This article is more than 1 year old

One billion online by 2005

Good God, think of the bandwidth...

The online population will rise to one billion people - more than double the current level - by 2005, and the majority of users will use wireless devices to get online.

There are just over 400 million people globally who can get online at the moment, but according to a report from market researchers eTForecasts, in four and a half years time there will be more like 1.17 billion net heads around the world.

Most of the population growth will be in Asia, Latin America and parts of Europe, the report said. And wireless access will also be more popular in these regions.

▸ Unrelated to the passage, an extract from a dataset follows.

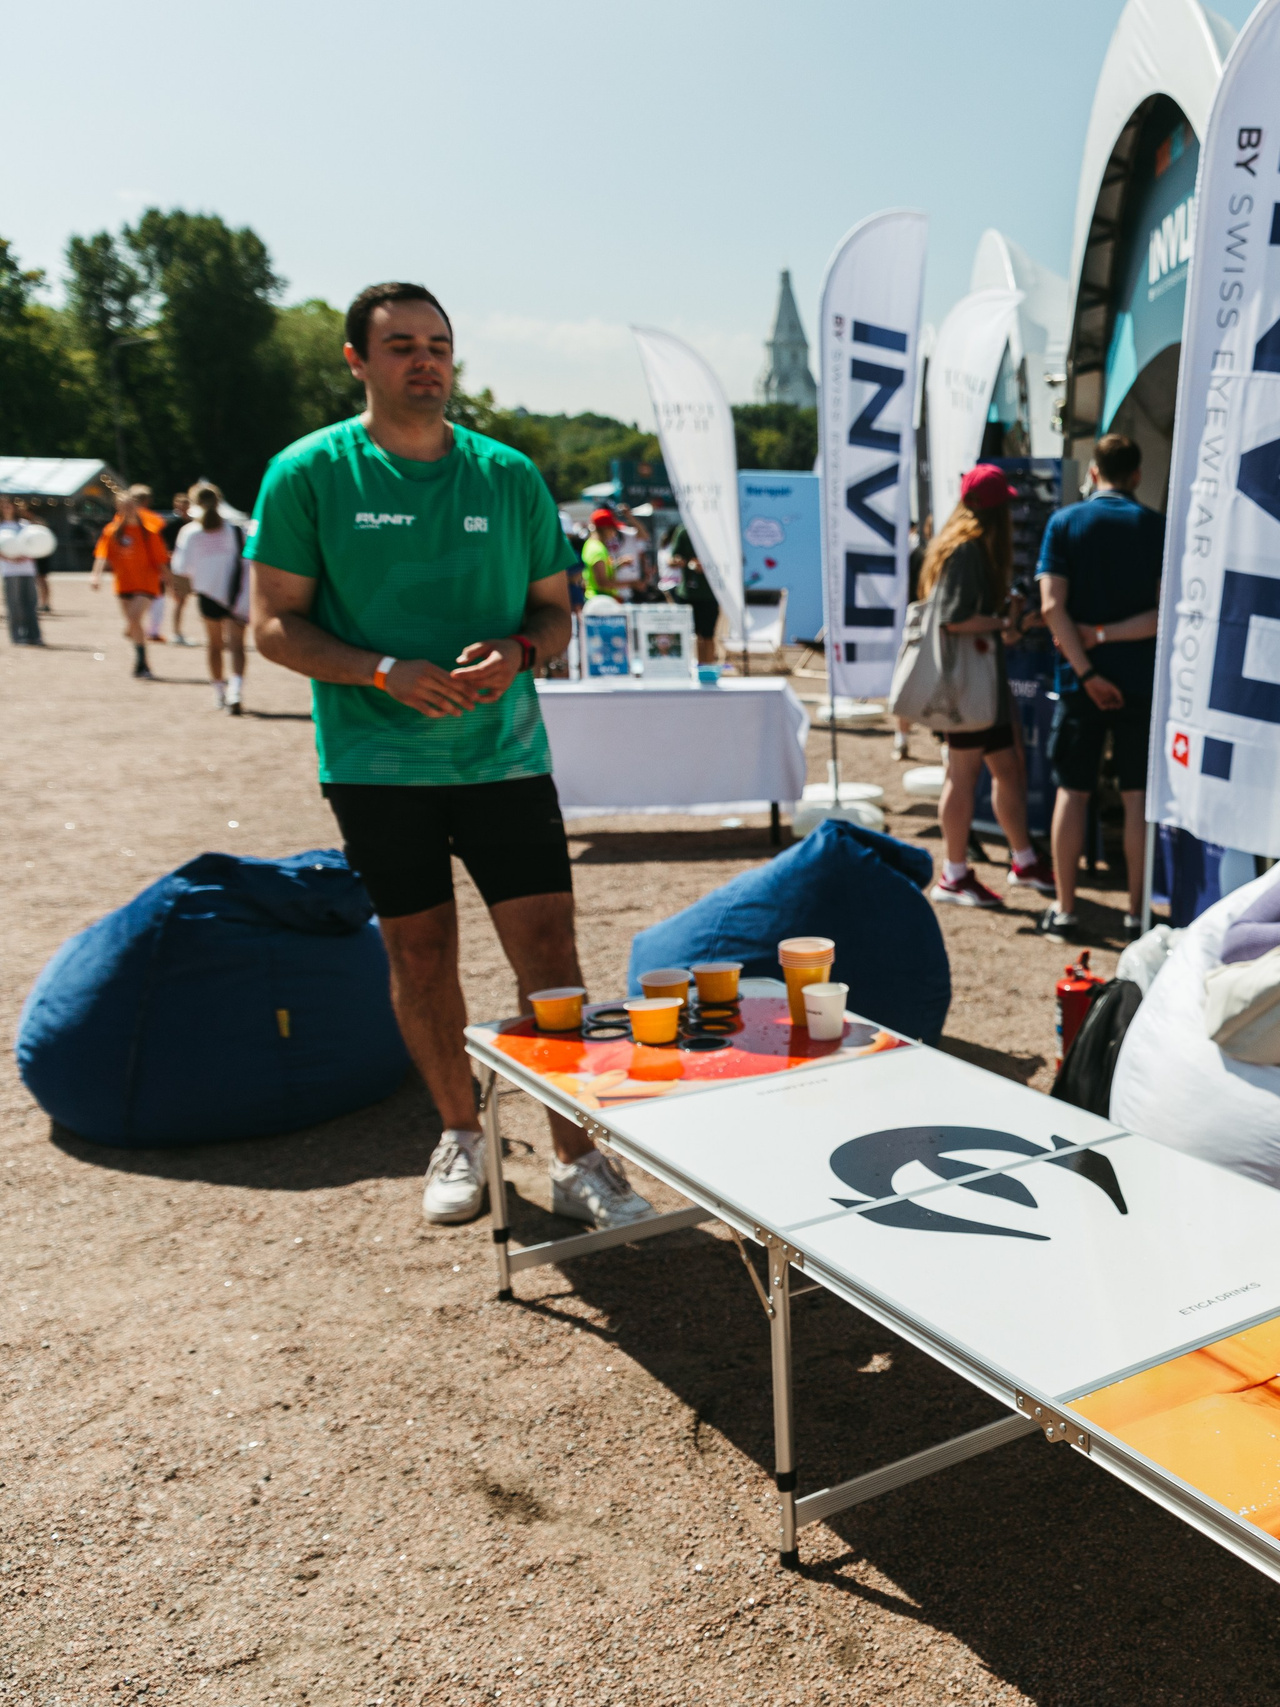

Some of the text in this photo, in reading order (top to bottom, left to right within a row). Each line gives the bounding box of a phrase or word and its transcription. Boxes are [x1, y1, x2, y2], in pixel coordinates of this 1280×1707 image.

[1175, 127, 1262, 720] BY SWISS EYEWEAR GROUP
[1179, 1282, 1261, 1315] ETICA DRINKS

In the US and the UK two thirds of people will still be wire bound by 2005, but overall, 62 per cent of the billion people online will have made the shift to wire-free surfing.

The report's author, Egil Juliussen, said that wireless access had flopped in Europe and the US because it had been "oversold". "People were expecting PC Internet on their small screens," he said.

However, he told Newsbytes that he didn't expect high end devices like PDAs to account for more than ten per cent of devices connected to the web.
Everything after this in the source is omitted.